Luxembourg Compromise: The Luxembourg Compromise was a pivotal agreement reached in 1966 that aimed to resolve disputes within the European Economic Community (EEC) regarding the decision-making process. This compromise established the principle that no member state could be forced to accept a decision against its national interests, allowing for consensus rather than majority voting on sensitive issues. By doing so, it helped to maintain stability and cooperation among member states amidst initial challenges faced by the Common Market.
Common external tariff: A common external tariff (CET) is a unified tariff rate imposed by a group of countries on imports from non-member states. This system aims to create a level playing field for trade among member countries by ensuring that all external goods face the same tariff, preventing competitive disadvantages and encouraging trade within the group. The CET plays a crucial role in economic integration and is a key feature of trade agreements such as the European Economic Community, which sought to promote cooperation and reduce trade barriers among member states.
Empty Chair Crisis: The Empty Chair Crisis refers to a significant political event that took place in the European Economic Community (EEC) in 1965, where France withdrew its representatives from EEC meetings in protest against proposals for majority voting and other integration measures. This crisis highlighted the tensions within the EEC regarding national sovereignty versus deeper integration and ultimately led to a compromise that reshaped decision-making processes in the organization.
Common Agricultural Policy: The Common Agricultural Policy (CAP) is a framework established by the European Union aimed at supporting farmers, ensuring food security, and promoting sustainable agriculture across member states. CAP plays a crucial role in regulating agricultural markets, providing financial assistance, and setting agricultural standards, which are vital for addressing initial challenges faced by the Common Market and shaping the policies of the European Union's institutions.

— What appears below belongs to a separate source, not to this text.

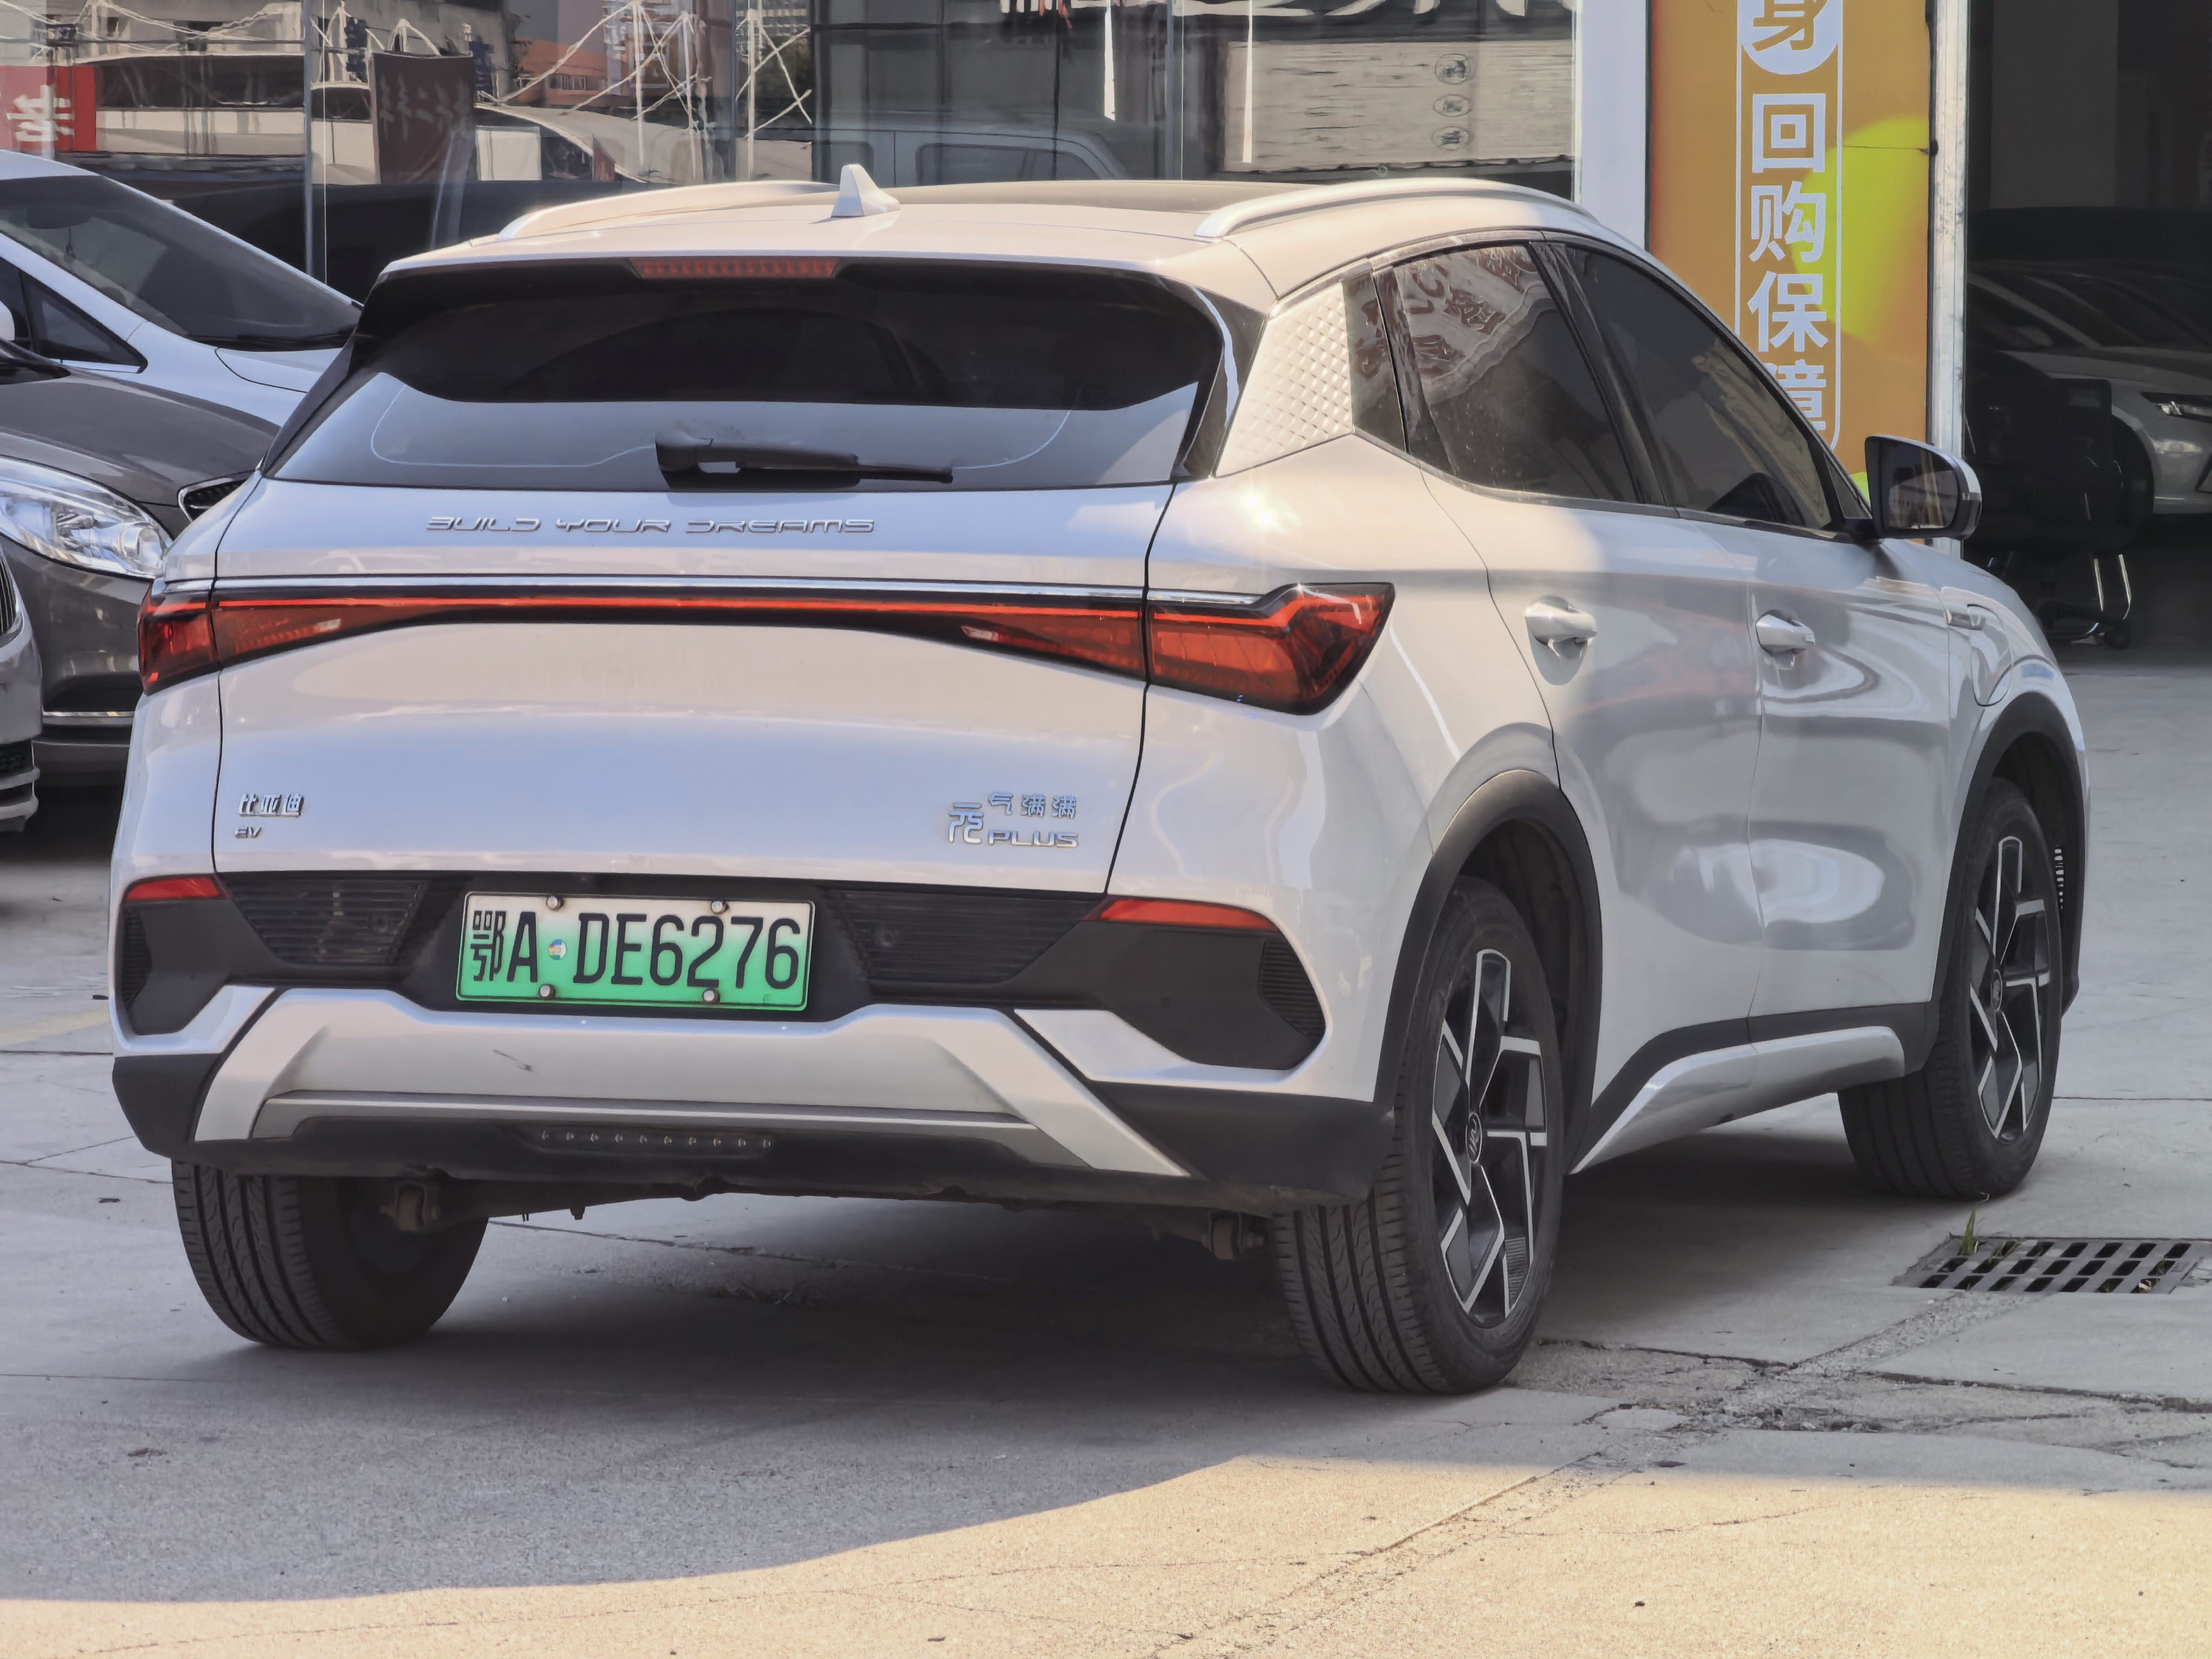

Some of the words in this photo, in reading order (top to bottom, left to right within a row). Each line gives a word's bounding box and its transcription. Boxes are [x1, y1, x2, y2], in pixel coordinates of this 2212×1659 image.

European Investment Bank: The European Investment Bank (EIB) is the lending arm of the European Union, established to finance projects that contribute to EU policy objectives and promote economic development. It plays a vital role in providing funding for infrastructure, innovation, and environmental projects across Europe, reinforcing the goals of the European Economic Community and the Common Market.
Trade liberalization: Trade liberalization is the process of reducing barriers to trade, such as tariffs, quotas, and regulations, allowing for a freer exchange of goods and services between countries. This concept is essential in understanding the dynamics of economic growth and cooperation among nations, particularly in Western Europe post-World War II and the establishment of the Common Market. As countries began to open their markets, they experienced significant economic benefits, leading to increased competition, innovation, and consumer choices.
Economic Growth: Economic growth refers to the increase in the production of goods and services in an economy over a specific period, typically measured by the rise in Gross Domestic Product (GDP). This growth is vital for improving living standards, reducing poverty, and fostering overall prosperity, especially in the context of post-war recovery initiatives. Economic growth is often linked to government policies, international aid programs, and regional cooperation that aim to rebuild and strengthen economies after periods of hardship.